It was mundane employment, but employment all the same.

I didn’t look like a nightwatchman. I could pass as a worker on his way home from a late shift, so if the burglars happened to notice me wandering around the streets it wouldn’t concern them too much. They’d only need wait for me – a potential witness – to leave the immediate area and they could be in and out of Redmond’s Electrical Supplies as quickly as they had on those two previous occasions. That’s if they ever turned up, but it looked like another no show was on the cards. I was starting to think that Redmond’s fears were unwarranted, and the thieves knew that three times was the charm that would get them captured and had moved on to robbing someplace else.

So I was a little surprised when my cell phone vibrated in my breast pocket.

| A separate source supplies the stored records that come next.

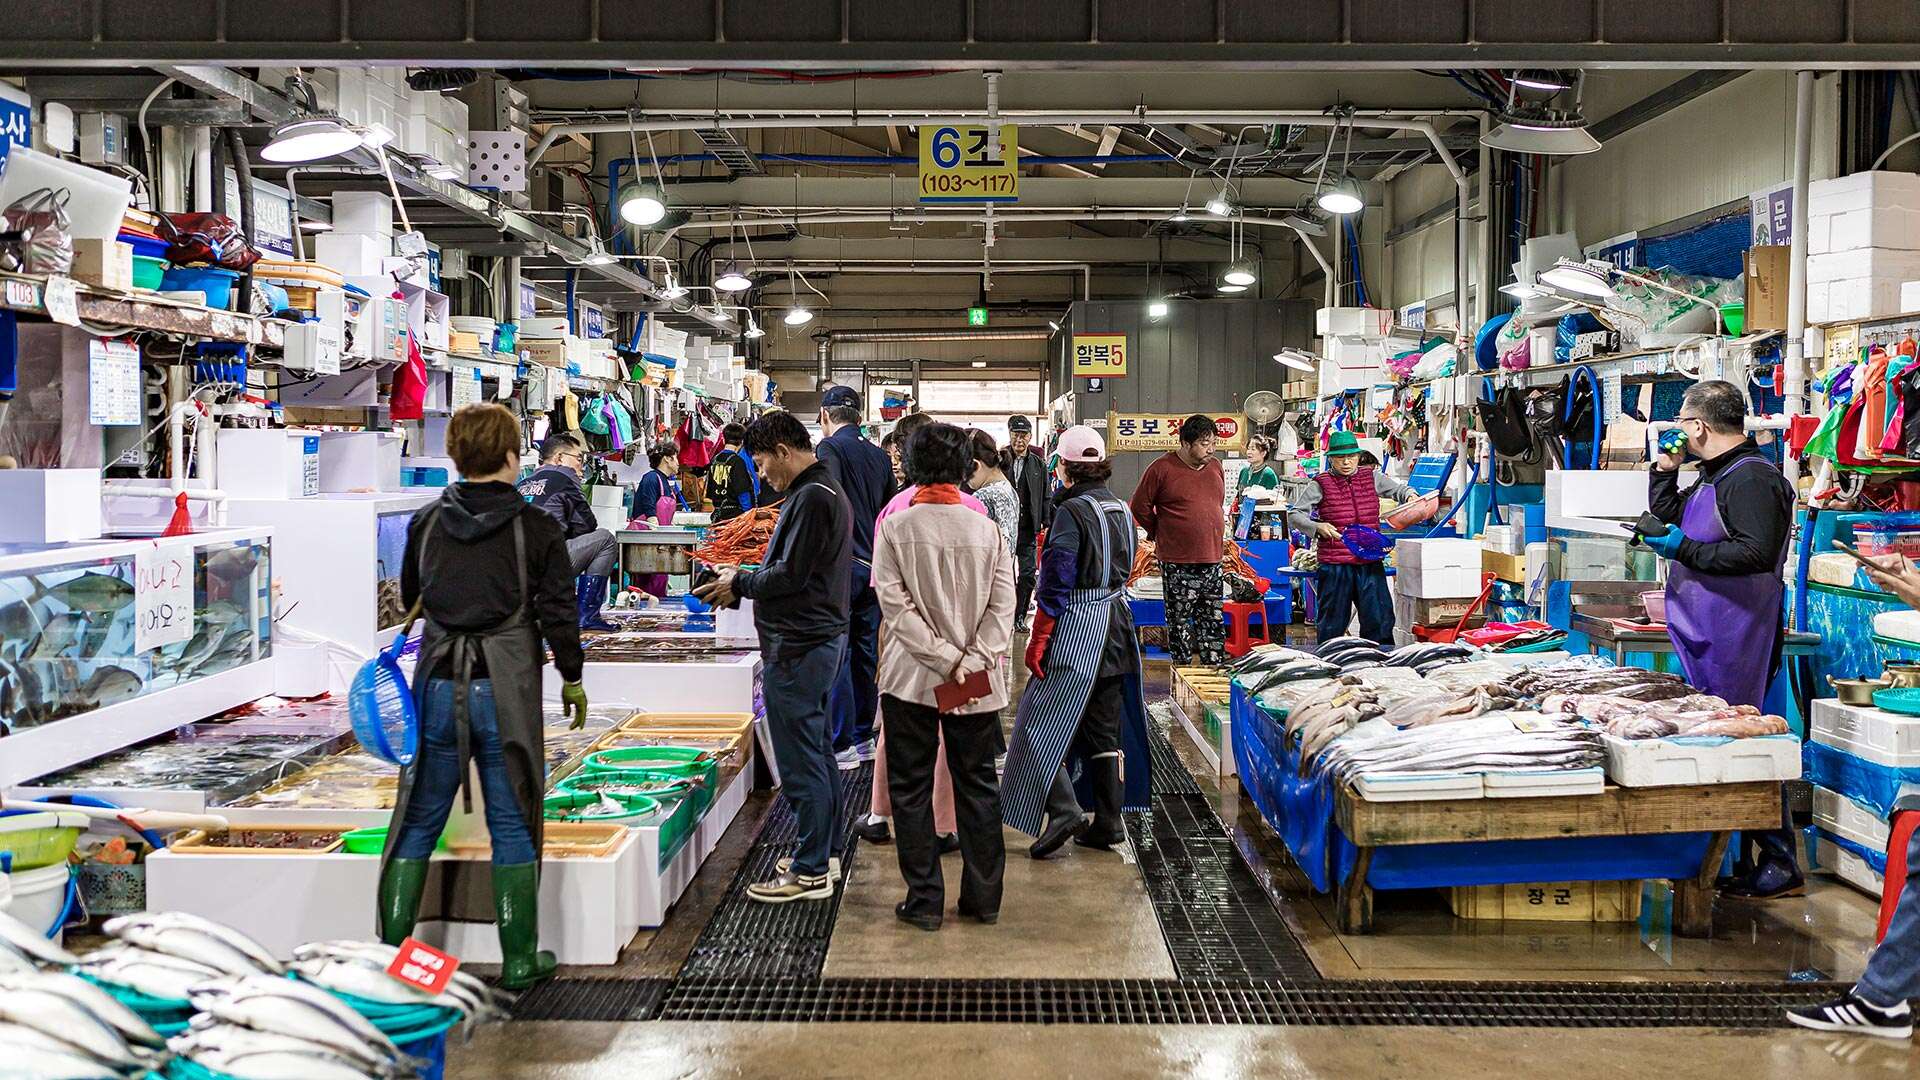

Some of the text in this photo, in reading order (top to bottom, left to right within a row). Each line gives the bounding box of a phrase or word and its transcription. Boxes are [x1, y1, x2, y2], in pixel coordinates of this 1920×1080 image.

[931, 127, 1005, 169] 6조
[922, 172, 1015, 194] (103~117)
[13, 284, 33, 303] 103
[1077, 345, 1123, 366] 할복5
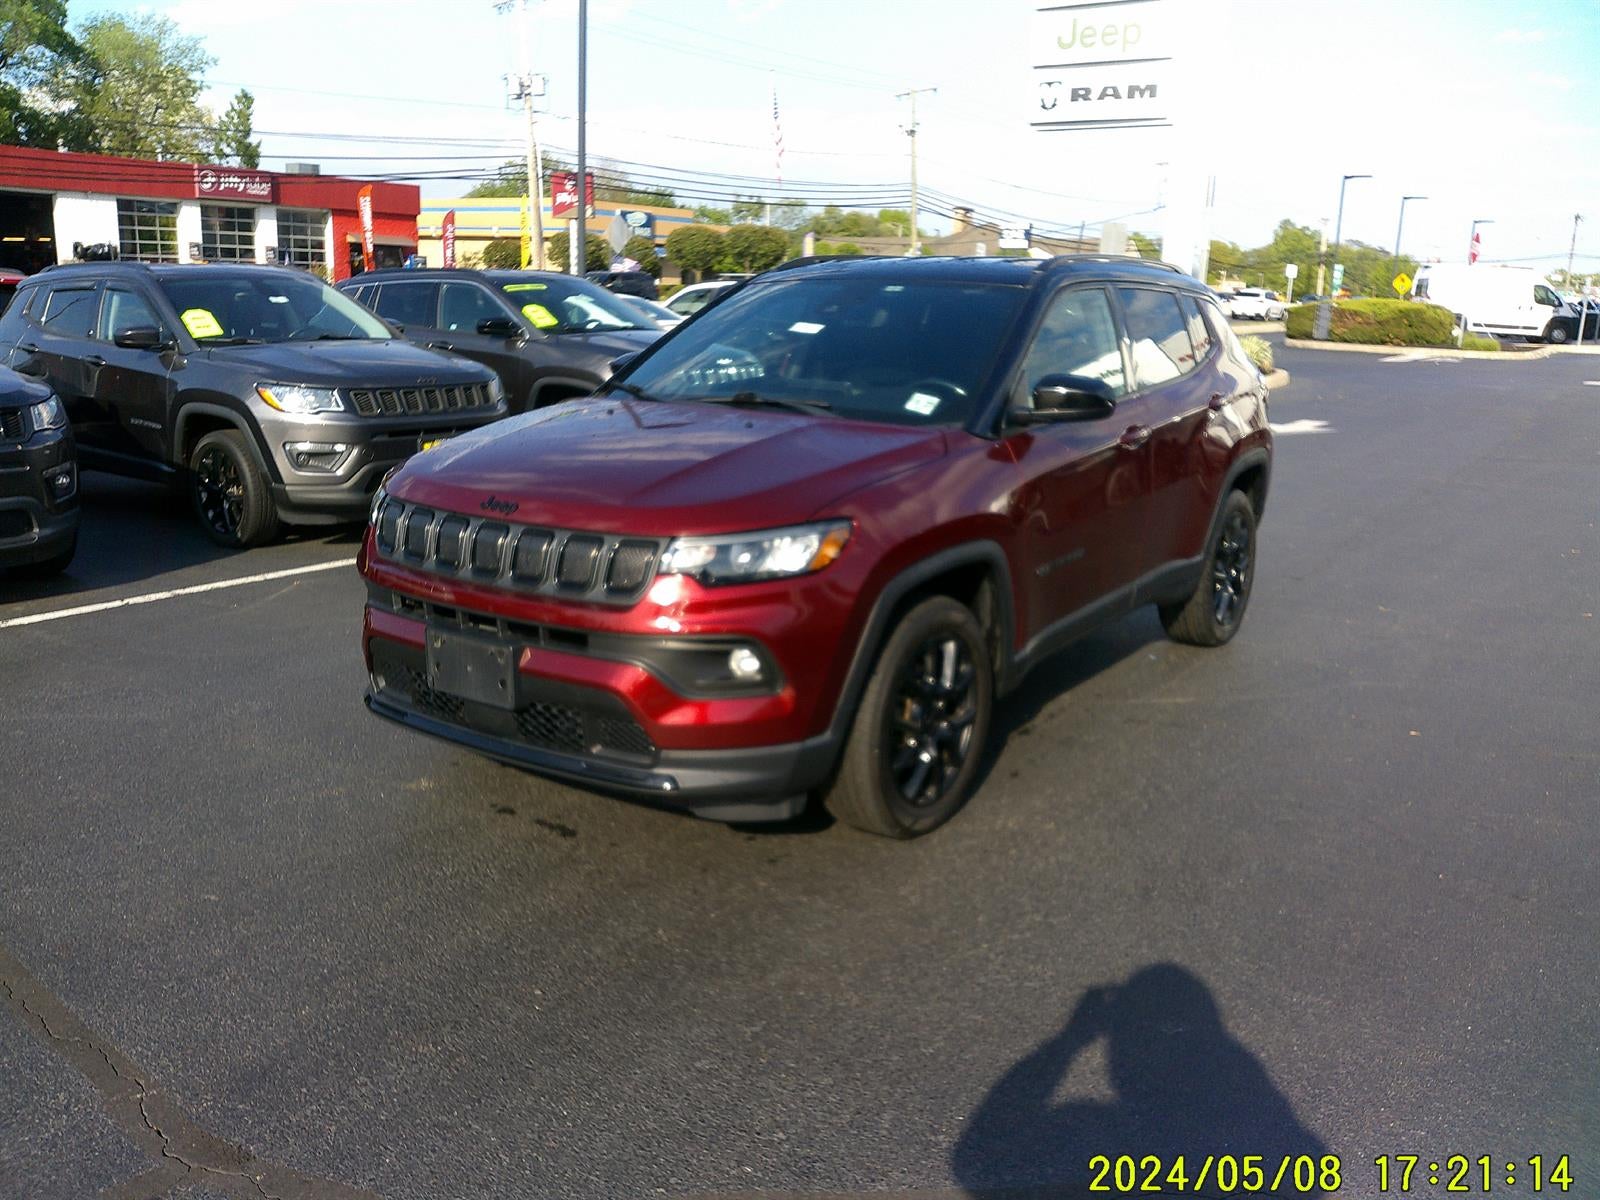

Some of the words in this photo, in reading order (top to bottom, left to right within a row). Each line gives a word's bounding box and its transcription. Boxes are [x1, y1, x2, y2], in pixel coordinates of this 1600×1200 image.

‘They’re here?’ I asked without checking that it was Rink on the other end.

‘Nope,’ Rink said. ‘These guys are on foot, and I doubt they intend carrying away the appliances on their shoulders.’

‘So what’s the problem?’ It wasn’t unknown for small groups of guys to wander through the neighbourhood on their way home from the bars across town.

‘They’re stalking a couple of old folks,’ Rink said. He didn’t elaborate and didn’t need to.

‘Where?’

‘Comin’ your way, brother.’

‘How many?’

‘Four. I’m out of my car and on their tails.’

‘OK,’ I said, ‘I’m heading back to you.’

‘Best be quick, they’re making a move now.’

Rink cut the call.

I started running.

This was more the kind of service to law enforcement I preferred.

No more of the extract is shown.